§ **Exercise instructions**: Reproduce all of the records exactly.

§ **Exercise input**:

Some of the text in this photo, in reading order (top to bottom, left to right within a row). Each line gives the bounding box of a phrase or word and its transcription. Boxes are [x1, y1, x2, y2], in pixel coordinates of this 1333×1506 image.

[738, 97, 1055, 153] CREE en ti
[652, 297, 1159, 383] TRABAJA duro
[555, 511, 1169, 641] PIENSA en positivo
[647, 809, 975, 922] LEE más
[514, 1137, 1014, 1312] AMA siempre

§ **Written solution**:
Some of the text in this photo, in reading order (top to bottom, left to right within a row). Each line gives the bounding box of a phrase or word and its transcription. Boxes are [x1, y1, x2, y2], in pixel coordinates of this 1333×1506 image.

[738, 97, 1055, 153] CREE en ti
[652, 297, 1159, 383] TRABAJA duro
[555, 511, 1169, 641] PIENSA en positivo
[647, 809, 975, 922] LEE más
[514, 1137, 1014, 1312] AMA siempre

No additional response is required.